Premise/plot: Siena, our heroine, wants to break up with Patrick, our hero. BUT on the day she's planned to break it off with him, he tells her that his family is moving to Austin, Texas. Seeing a way out of a hard/clean break, she tells him she'd like to try to do long distance. (He did ask her if she wanted to try long distance or just break up with him.) Thus begins the will they, won't they dance that is the novel With and Without You. The novel spans a full year--give or take a week. Begins the summer before senior year, ends the summer after senior year. The author uses text messages to fast-forward the time apart--for better or worse. The time together includes Thanksgiving, New Years, spring break. These chapters are fleshed out and packed with scenes. Will they stay together? Will they break up?
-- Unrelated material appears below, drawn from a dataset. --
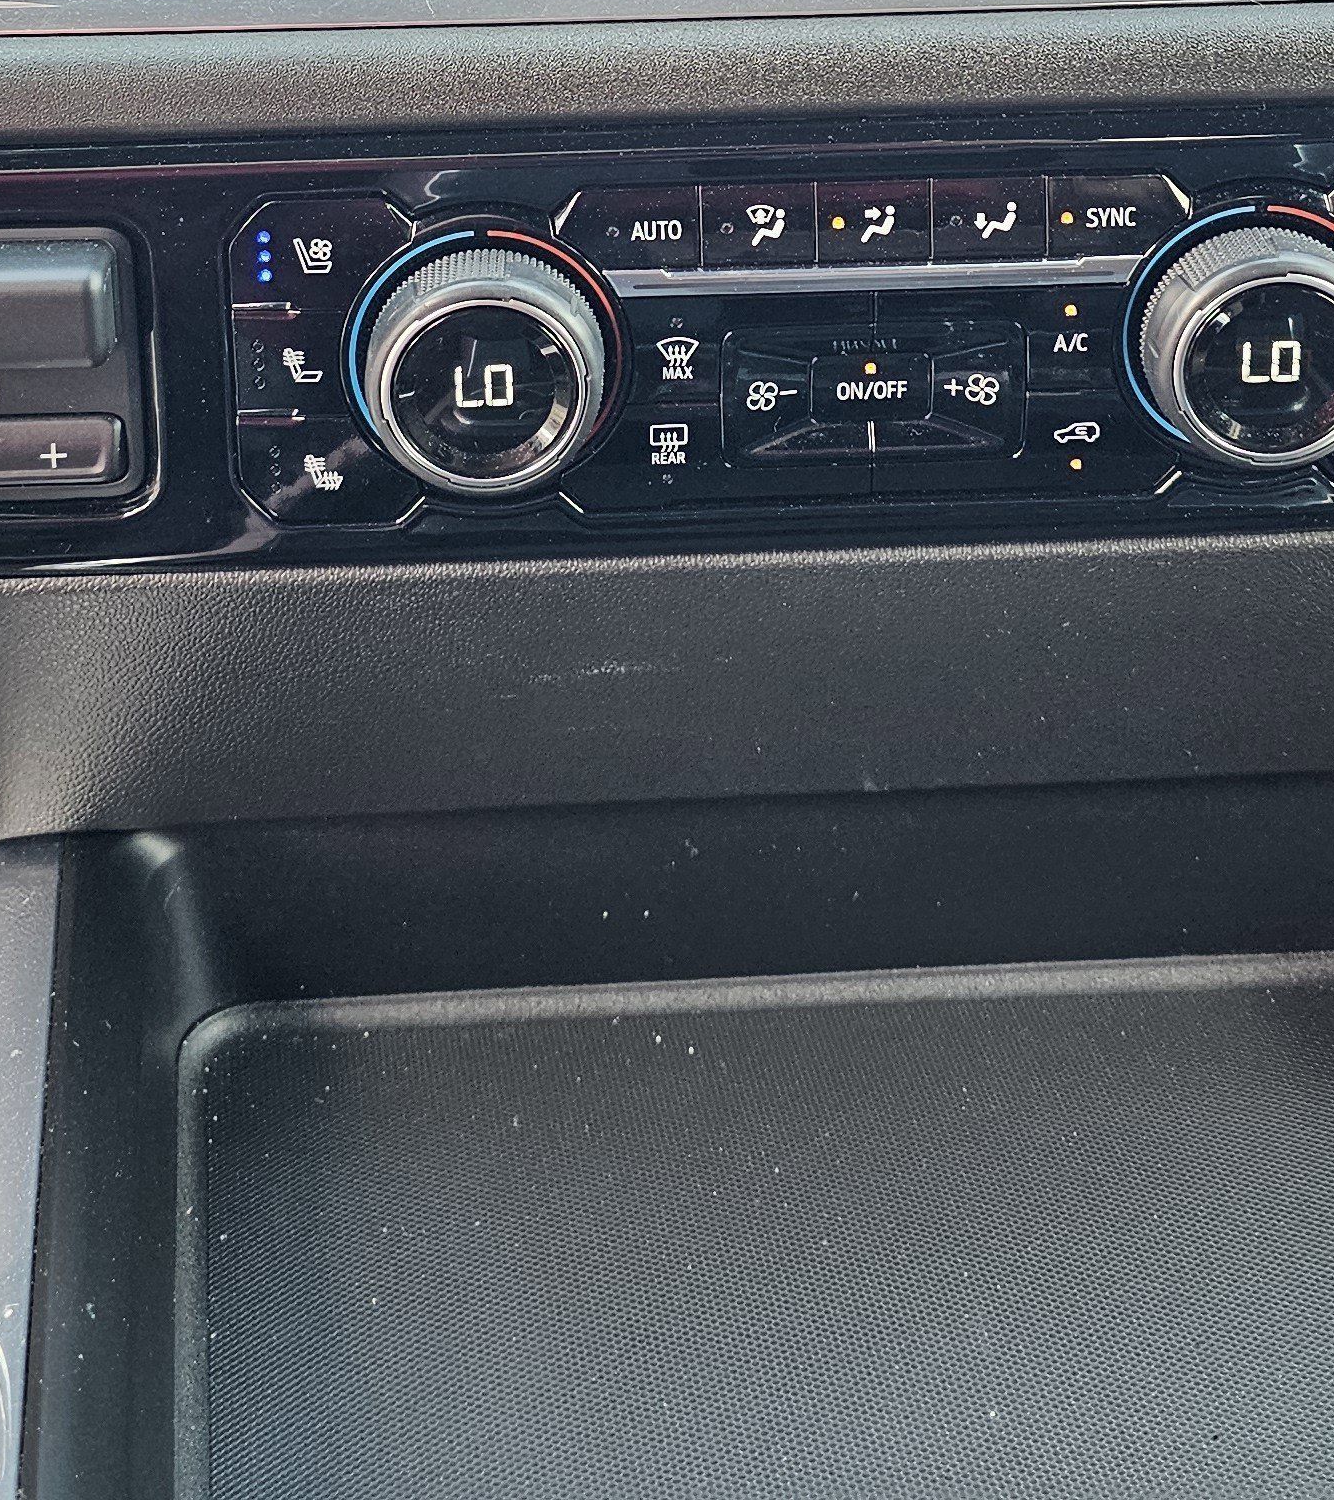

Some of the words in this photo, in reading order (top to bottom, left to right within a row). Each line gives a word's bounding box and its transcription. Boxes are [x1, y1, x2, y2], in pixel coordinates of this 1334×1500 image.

My thoughts: I would be a LOT more invested in this story if we weren't thrown into it this late in the game. Starting a novel with a couple on the verge of breaking up doesn't really make me *care* about if they stay together or break up. And sad to say I continued to not care if they stayed together or broke up from first page to last. Not really having "seen" them together as a couple that was happy and in love, I'm indifferent to their choices. Maybe Siena can live without Patrick just fine. Maybe she'll fall in love with someone else. Maybe there's been a guy who's been hoping for a chance to make his move. Or not. I really don't care. Patrick doesn't seem as fleshed out as Siena. (After all, we're living in Siena's headspace, not his.) And while their scenes together are good, for the most part, again it's not like we're swooning with the glorious-ness of this couple. Usually when a novel starts off with a near-break up, readers know that the real love interest is probably going to be introduced in the next chapter or so. There will be a love triangle--usually with a strong contender and a weak contender. That isn't the direction this one chooses to go--not really. But it's not because this one goes in a different direction, more like it's directionless. By the time the novel ended, I didn't care if she stayed with Patrick, broke up with Patrick, got a new boyfriend, or stayed single. If this was a second book in the series, and I'd spent a book falling in love with them as individuals and as a couple, I'd have been swept up into this drama. But as it is, I just wasn't.